Survey design and response
The 2008 survey was essentially unchanged from the 2006 salary assessment. Demographic questions related to current employers, job location, age, gender, level of education and major area of study, work experience, area(s) of primary focus, and job functions. Questions directly concerning compensation focused on four areas: annual base salary, annual incentives or variable pay, expatriate pay, and percent increase in base salary over the previous 12 months.
At the time the 2008 survey was designed and implemented, SEG had approximately 29 178 members, about 18 292 were living outside the United States. The study used in the 2008 survey included 3500 members from throughout the United States and 4750 non-US members. This resulted in an original total sample of 8250, 42% within and 58% without the United States, which is representative of the diversity of the SEG membership at that time.
The actual final sample was 7072 due to a variety of factors: e-mail returned as undeliverable, “out of office” replies to each e-mail solicitation, potential respondents declining to participate, and participants deemed “ineligible” because they had been retired for an extended period. Ultimately, 1857 surveys were completed, resulting in an aggregate response rate of 26.3%.
Despite the effort to make the survey reflect the geographical diversity of the SEG membership, over half of the respondents (910) currently work in the United States. Approximately 12% currently work in Europe (213) and Asia (212). The next three geographic areas with the highest response were Africa (150), Latin America (99), and Canada (96). The Middle East was represented by 64 respondents and Australia by 51. One response was received from both Antarctica and New Zealand.
Nearly 21% (376) of the respondents are employed by a major oil and gas company. Almost 19% (335) of the respondents are employed by service companies. Large (170) and small (146) independent oil companies combined for another 17.6% of the respondents.
Approximately 58% of the respondents are between 40 and 64 years old. This was significantly higher than in the 2006 survey when this age group represented 50% of the total.
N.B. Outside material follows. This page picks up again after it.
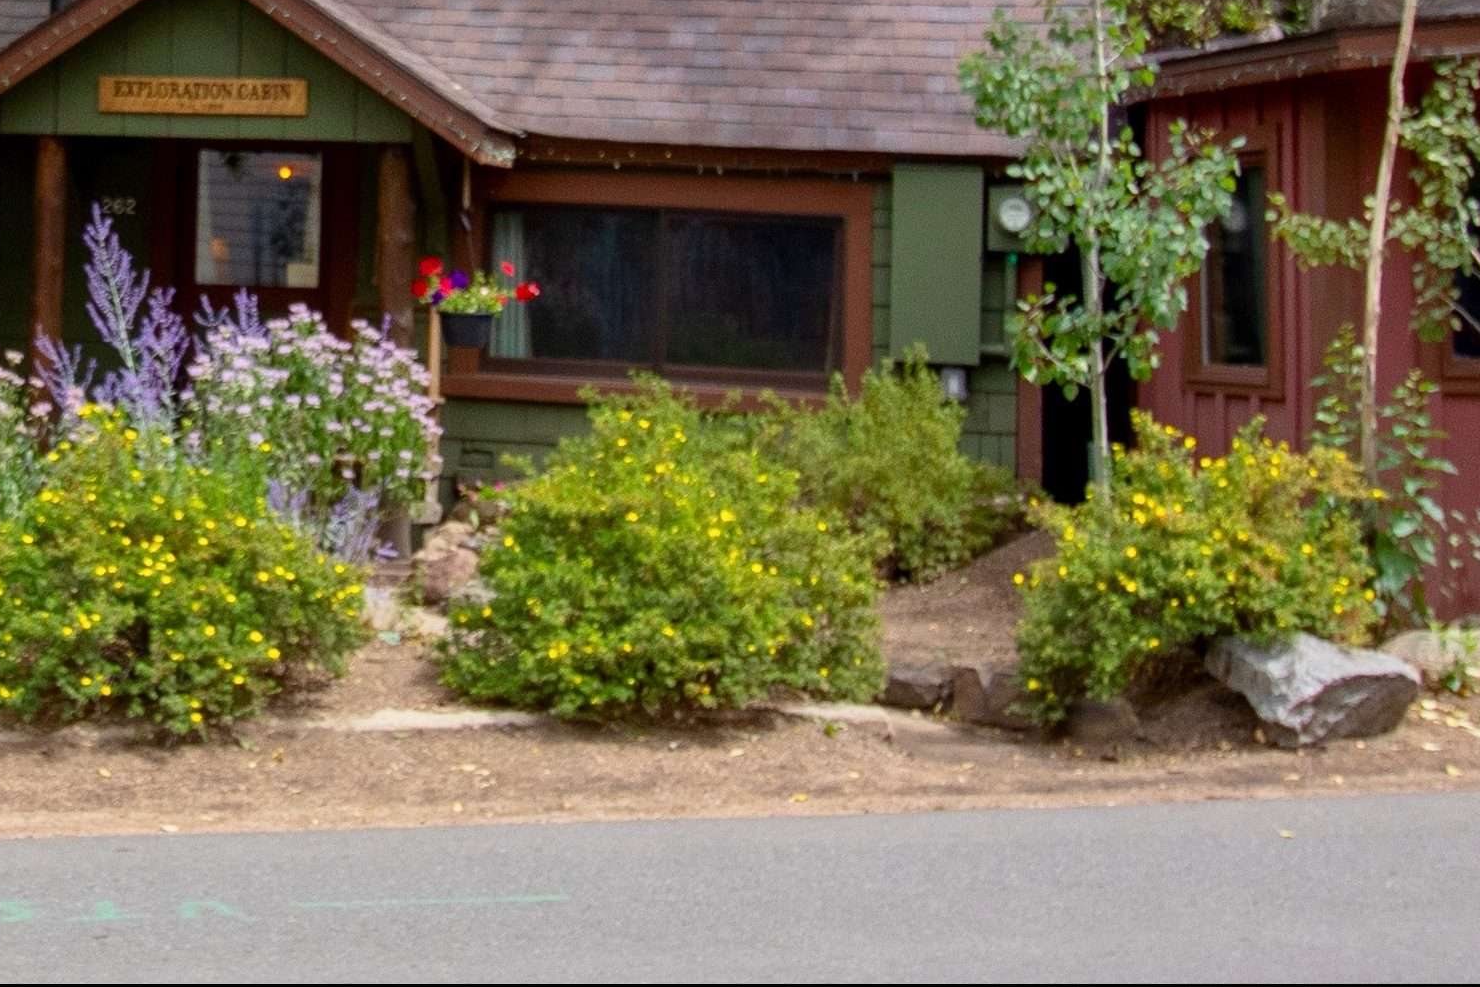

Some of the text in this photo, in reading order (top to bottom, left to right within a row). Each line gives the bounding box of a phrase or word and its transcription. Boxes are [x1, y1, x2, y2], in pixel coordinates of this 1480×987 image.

[113, 80, 291, 101] EXPLORATION CABIN
[103, 198, 137, 214] 262
About 23.5% are between 18 and 29, a figure essentially unchanged from 2006. Nearly 85% (1517) of the respondents are male.
Approximately 92% of the respondents had at least one college degree and another 7% indicated “some college, no degree.”
Respondents had an average of 20 years of work experience with an average of 17.3 years of it being geophysics-related. When students are excluded, the numbers increase to 21.3 and 18.6, respectively.
About 22% of the respondents have had only one employer in the field, and roughly 47% have worked for three or more companies. Interestingly, 9% of the respondents indicated they had never had a job “in geophysics.”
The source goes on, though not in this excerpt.